Abdülhamid Han'a sebepsiz ve öğrenilmiş kininizi ne zaman itiraf edeceksiniz çok merak ediyorum.
Sultan Selim'e de böyle...
Sizin için Öyle olması gerektiği için kin tutuyorsunuz.
Atatürk'ü sunmanızı sağlayacak doneleri de objektif tahlil gibi sunuyorsunuz...
Lütfen! Lütfen köyünüze dönün ve en rafine zevkiniz köy kahvesinde çilekli çokomel yemek olsun!!!
Gayrimüslimlerin durumundan, iç ve dış politika tutumundan, donanmadan, türklükten, tavizden, devlet adamlığından şundan bundan bahsedecek olursak işler orada maalesef takılıp kalıyor.
Çünkü sen konuşabiliyor ama ben konuşamıyorum!
Atatürkçülerin her zamanki anlayamama ve bön bön bakma hadisesi devam ediyor.
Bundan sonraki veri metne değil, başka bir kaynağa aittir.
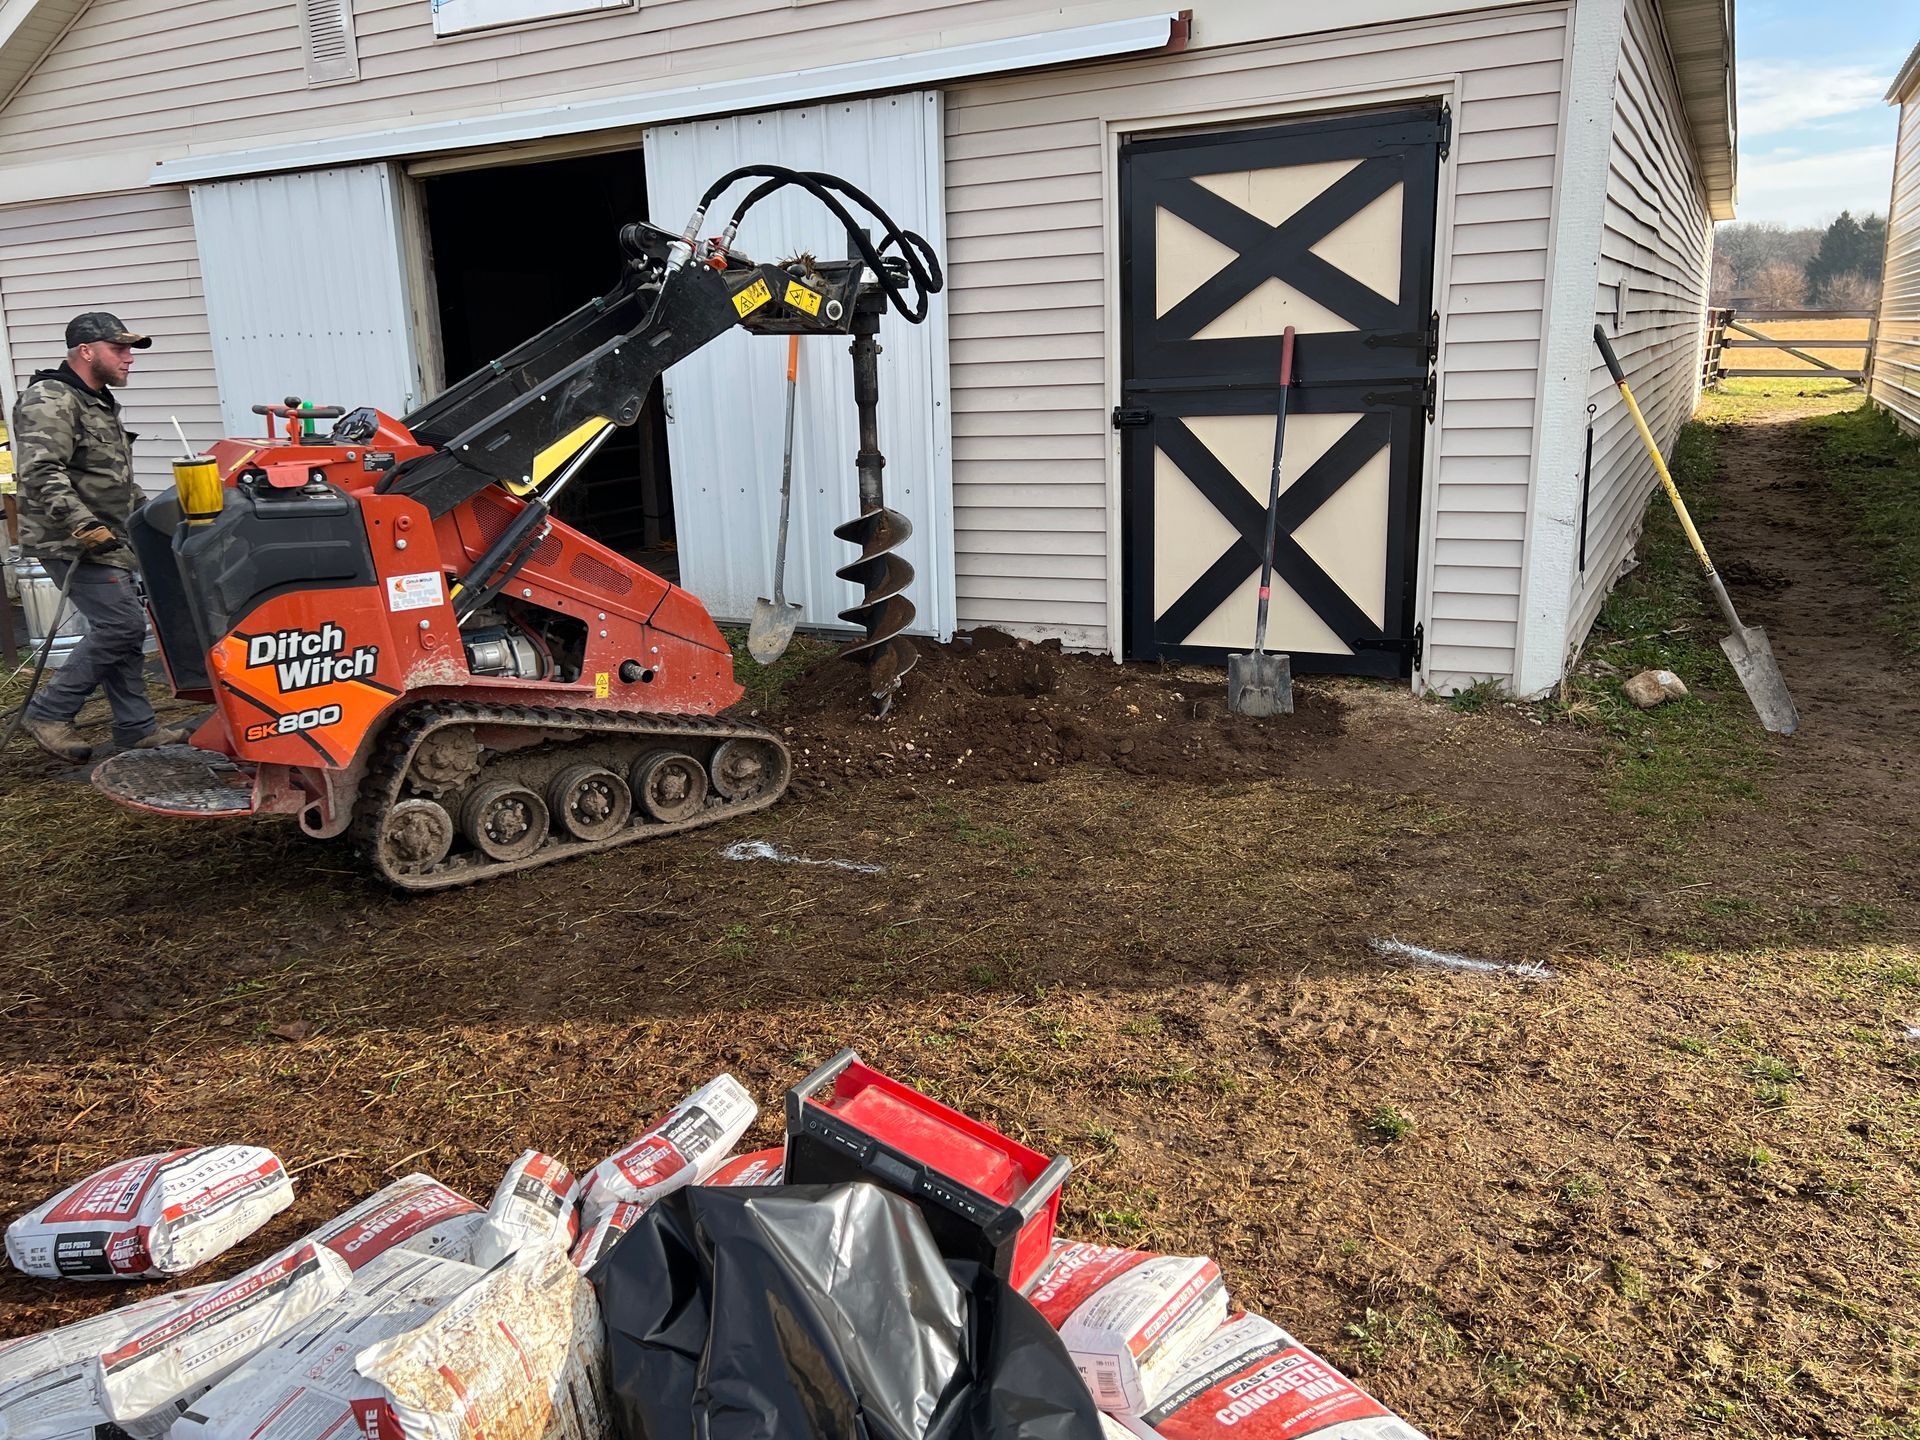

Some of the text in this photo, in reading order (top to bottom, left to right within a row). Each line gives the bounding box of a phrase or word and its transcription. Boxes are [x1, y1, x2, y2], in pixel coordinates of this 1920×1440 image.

[250, 624, 343, 666] Ditch
[278, 648, 376, 690] Witch
[247, 705, 341, 741] SK800
[119, 1181, 140, 1210] SET
[344, 1192, 450, 1252] CONCRETE
[194, 1275, 259, 1320] CONCRETE
[259, 1264, 287, 1285] MIX
[186, 1326, 260, 1369] MASTERCRAFT
[1215, 1362, 1331, 1427] CONCRETE
[1230, 1356, 1304, 1396] FAST SET
[1300, 1377, 1350, 1402] MIX
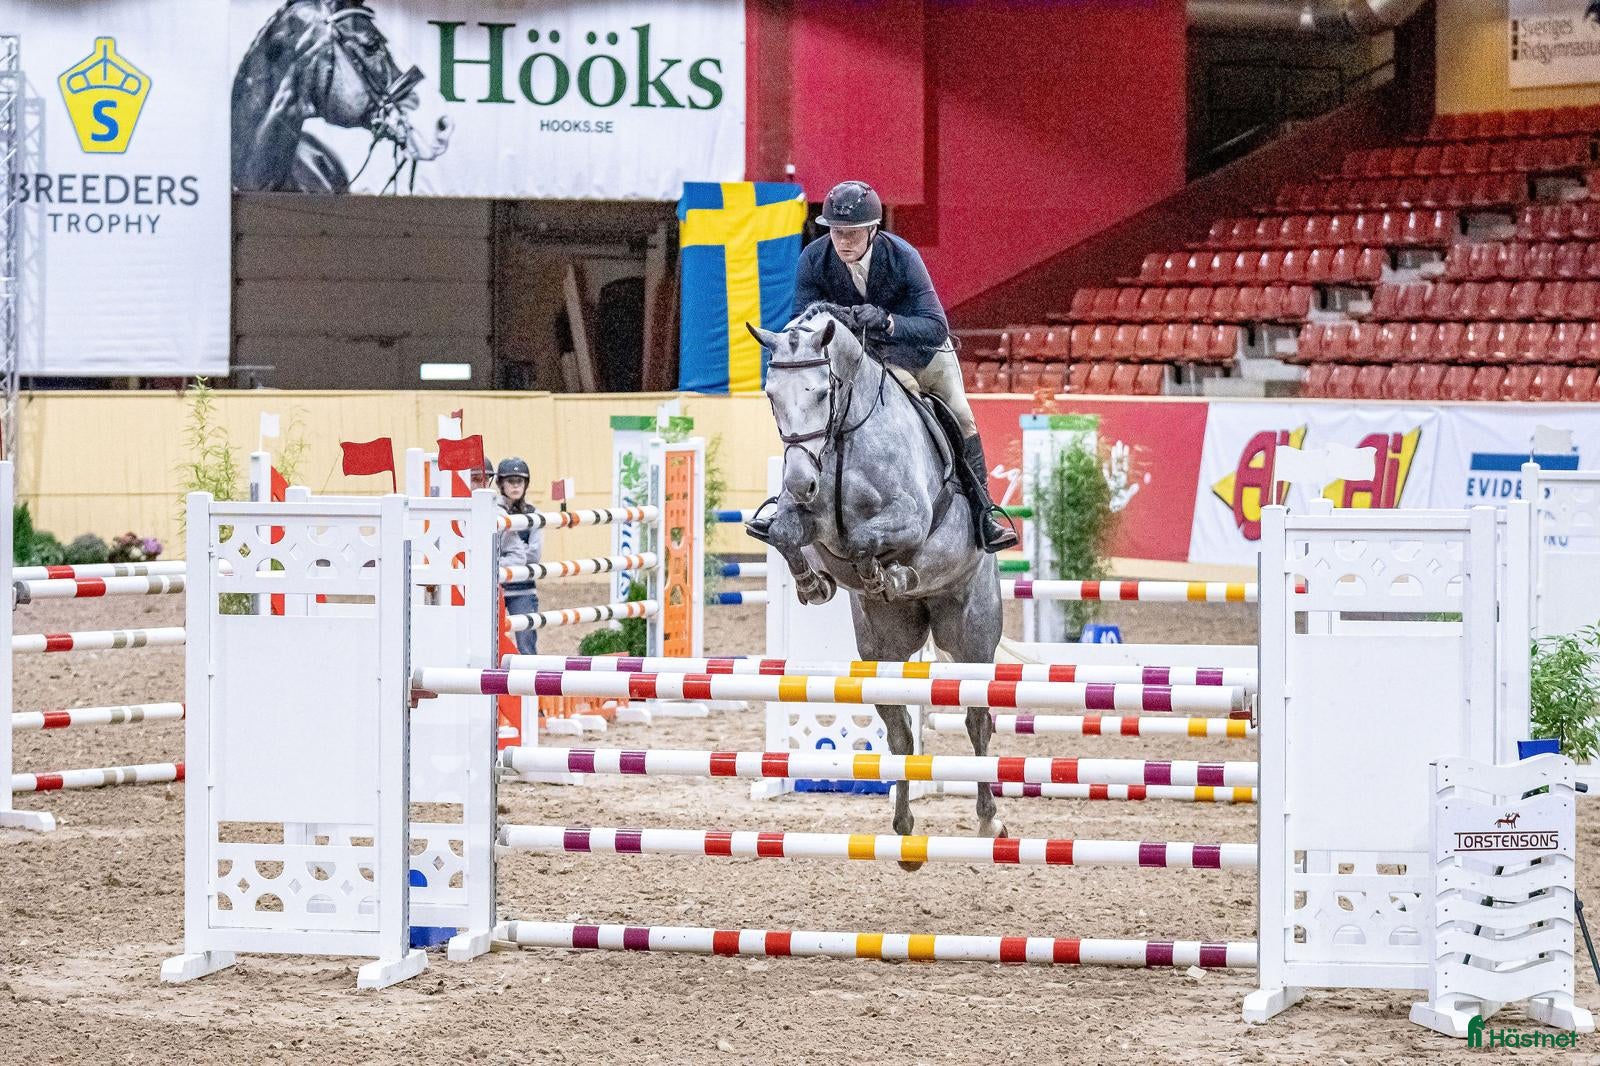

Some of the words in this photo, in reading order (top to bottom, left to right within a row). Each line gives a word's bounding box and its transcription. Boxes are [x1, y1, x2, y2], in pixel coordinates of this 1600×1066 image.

[428, 20, 723, 110] Hööks
[91, 100, 119, 142] S
[540, 119, 613, 134] HOOKS.SE
[9, 173, 199, 206] BREEDERS
[48, 213, 161, 234] TROPHY
[1457, 832, 1559, 850] TORSTENSONS
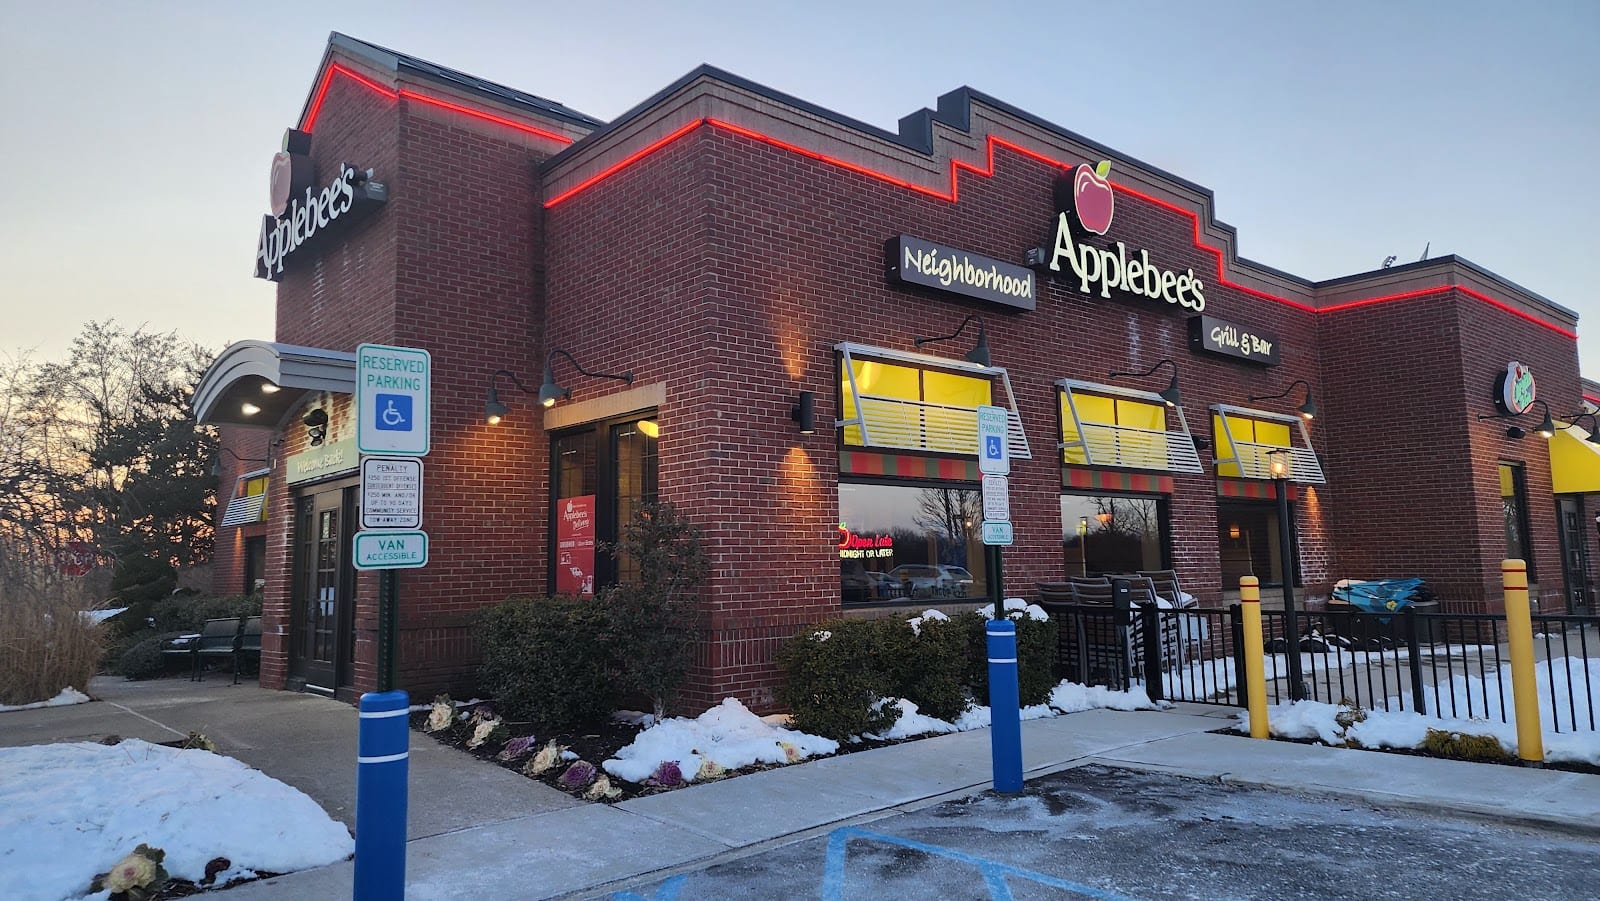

Bu değişmez bir gerçek...
Mesela olağanüstü şartlarıyla Abdülhamid dönemini değerlendirmekte imtina edip,
100. Yılına yaklaşıyoruz Türkiye Cumhuriyeti'nin ve bu ülkenin nemli fırçayla henüz tozu alınmış takım elbisesinin göt yamalı, çorap delik, cep yırtık, astar sökük halini bimden alındıktan sonra sallaya sallaya eve getirilmiş limonlu cheesecake gibi ortaya koyup mum dikiyorlar... Alkış kıyamet!
Tenkit şuuru olmayan zirzop tipler tarafından eleştirildiği yetmiyor, aynı perdeden kendisini savunanlara da izah zorunluluğu isteniyor.